This section takes about 5 minutes to complete.
ETL vs ELT
Let's Be Pragmatic​
Rather than obsessing over this ETL vs ELT cage fight, just try to take away the following:
- Sometimes you may want to optimize/reshape your data sooner (because it is a common use-case/denominator for your consumers or your consumers don't have the capabilities to aggregate data on their own)
- Other times, you want to leave the schema flexible (and just let the user’s queries/views do the work) to avoid having to maintain lots of tables/views/jobs
To bring it back to our context (3-hop architecture), it is totally and completely acceptable for Consumers read directly from the Silver layer resulting in an ELT architecture. These Consumers must have the technical capabilities within their team to handle the respective amount of data according to their data requirements (timeliness, amount of data, compute power). Some organisations might also opt to push the results of the Silver layer to queryable sources like PowerBI so that Business Intelligence departments can use their own tools to gain insights on this data. The Silver layer is powerful to its consumers and accelerates the time to delivering insights/value because of its curated nature. Somewhere, some lightweight governance team (comprising domain, business, and technical representatives from multiple teams within the network of data) will have likely made a standarisation decision about how to represent certain domain objects, for example, that all unique identifiers must be lowercase and case-insensitive or that values of a certain measure must be of double
type and have 2 significant digits. The Silver layer delivers this level of standardisation and curation while still maintaining the granularity of the data so that consumers have the flexibility to run their own aggregations. This is one form of an ELT architecture.

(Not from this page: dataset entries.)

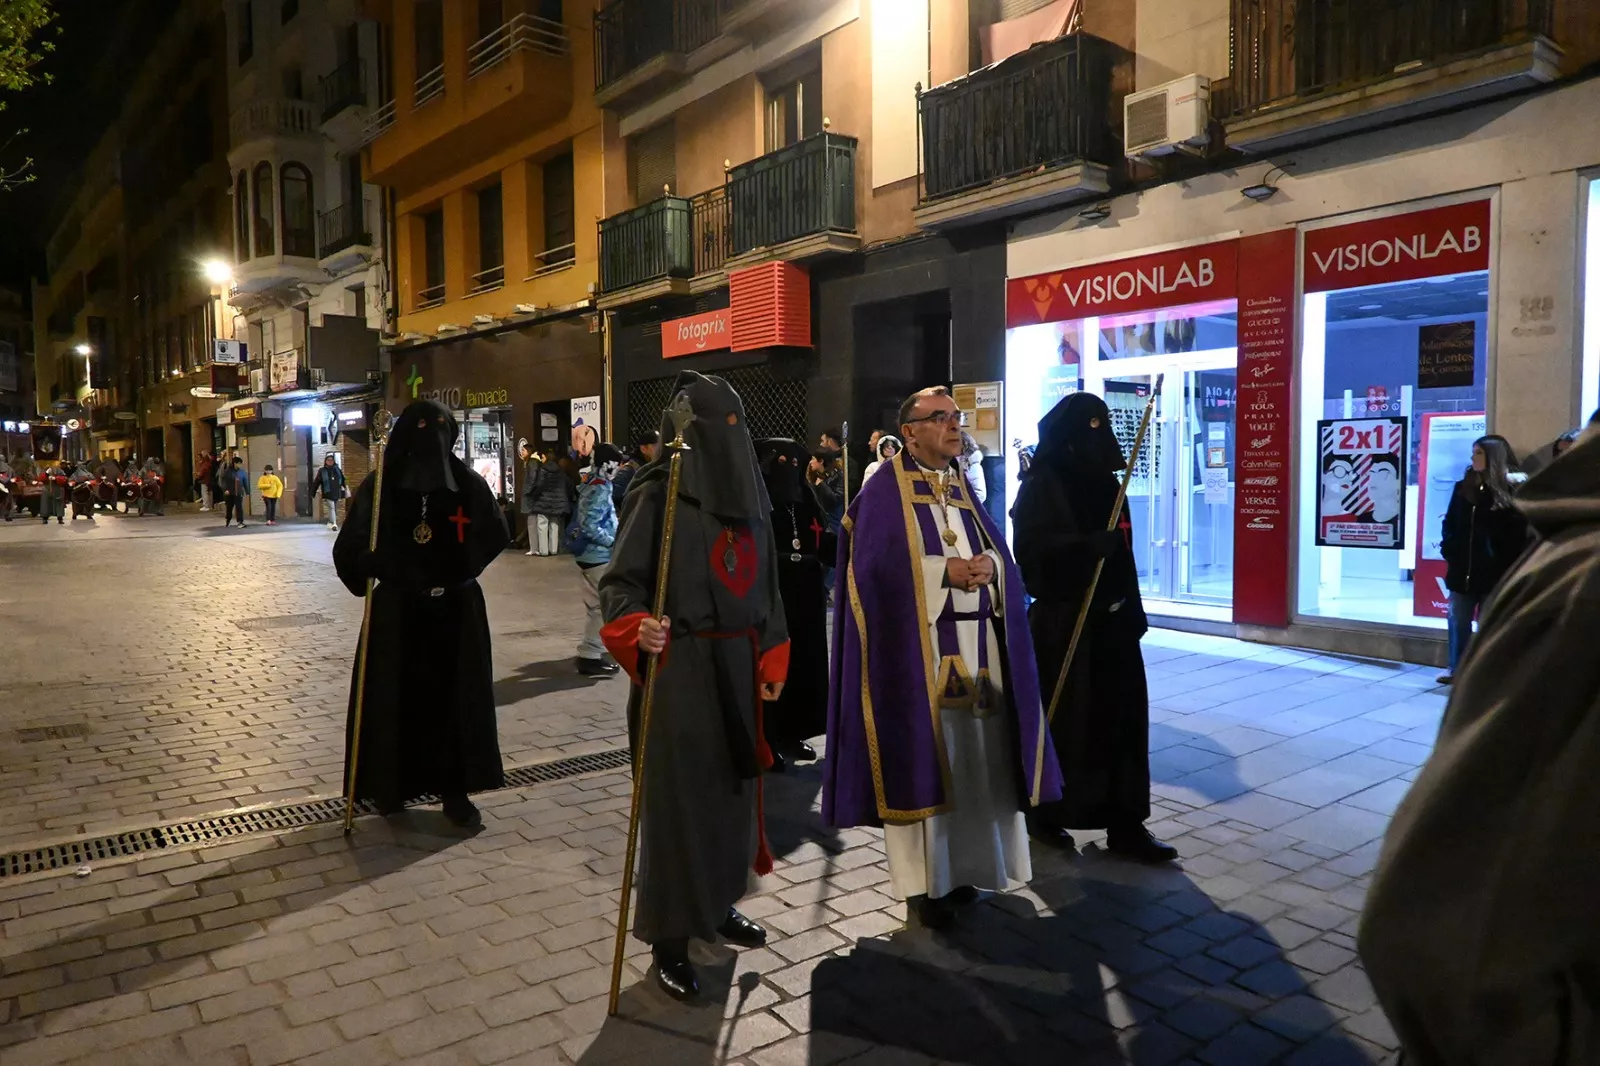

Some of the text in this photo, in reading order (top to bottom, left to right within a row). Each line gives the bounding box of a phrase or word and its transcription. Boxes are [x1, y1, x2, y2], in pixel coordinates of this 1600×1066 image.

[1312, 225, 1481, 274] VISIONLAB
[1063, 258, 1215, 308] VISIONLAB
[678, 314, 726, 341] fotoprix
[1247, 319, 1271, 327] GUCCI
[1436, 353, 1474, 364] Lentes
[466, 386, 508, 407] farmacia
[573, 401, 597, 412] PHYTO
[1250, 403, 1275, 411] TOUS
[1249, 422, 1276, 431] VOGUE
[1339, 424, 1384, 450] 2x1
[1241, 459, 1281, 469] Calvin Klein
[1244, 497, 1276, 506] VERSACE
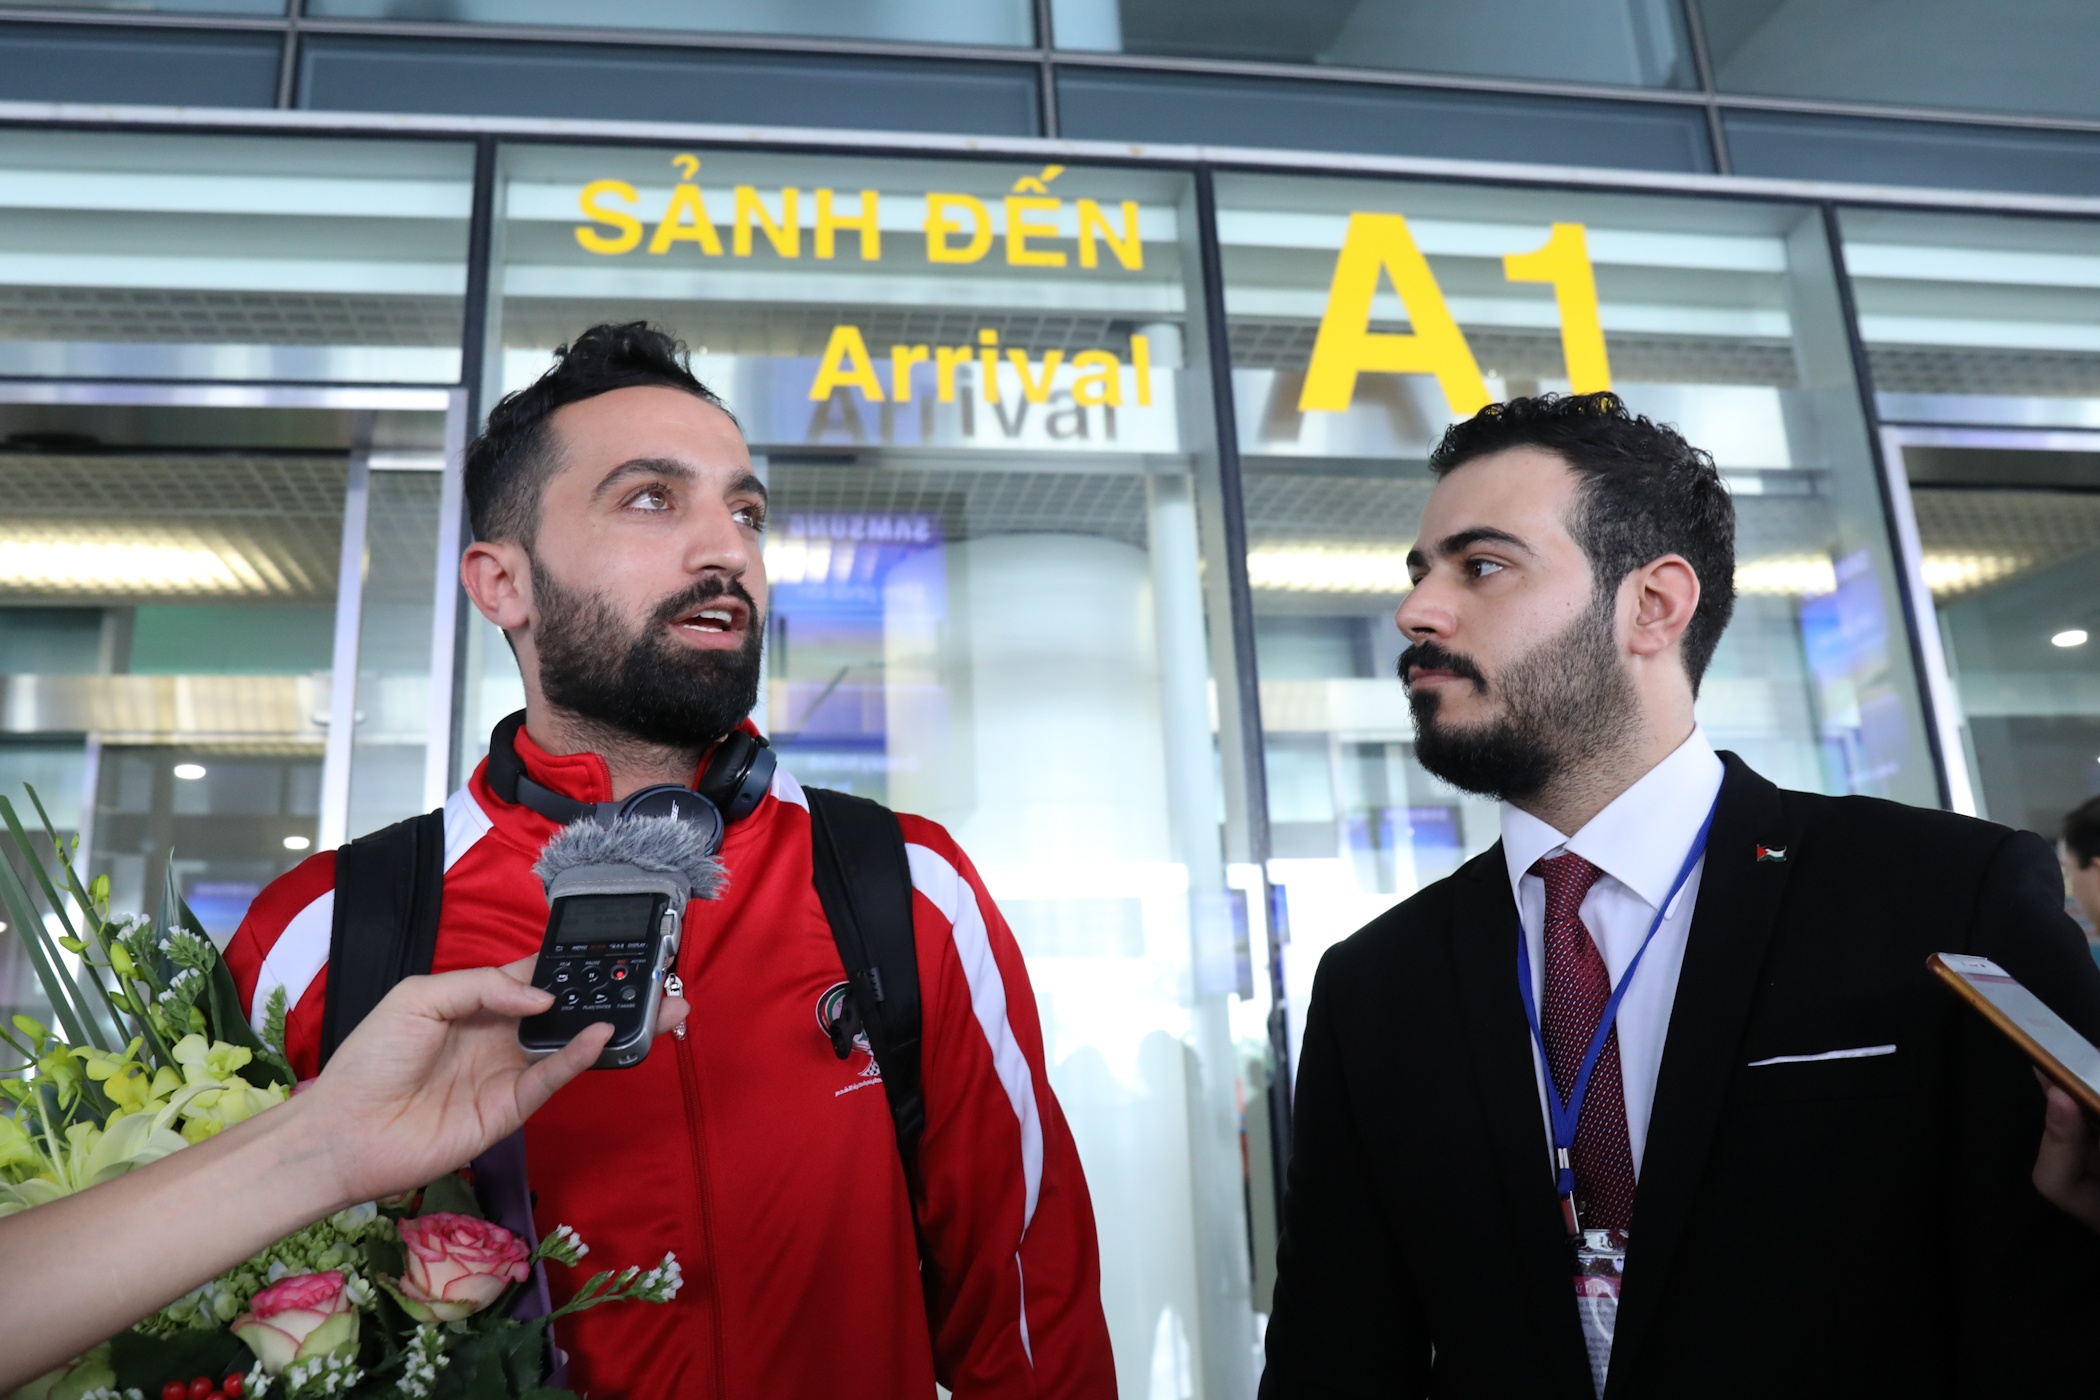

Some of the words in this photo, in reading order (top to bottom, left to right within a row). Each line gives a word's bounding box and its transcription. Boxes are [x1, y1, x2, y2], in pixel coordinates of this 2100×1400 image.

[575, 154, 881, 261] SẢNH
[923, 165, 1143, 270] ĐẾN
[808, 326, 1152, 407] Arrival
[1298, 211, 1612, 416] A1

For complex aggregations or for teams without the big data capabilities, we might take yet another step to transform our data from the Silver layer, in the form of any number of Gold layers which is then used by a consumer. Usually, there is a 1:1 relationship between the Gold layer and a use-case, and is our classical ETL representation. In this case, it's important to understand exactly what is requested or what question is being answered by the data in order to determine the correct aggregation. Understanding what questions are to be answered by data is also important in determining what shape the data takes in the Silver layer as well (common denominator), but it is more granular and specific in the Gold layer.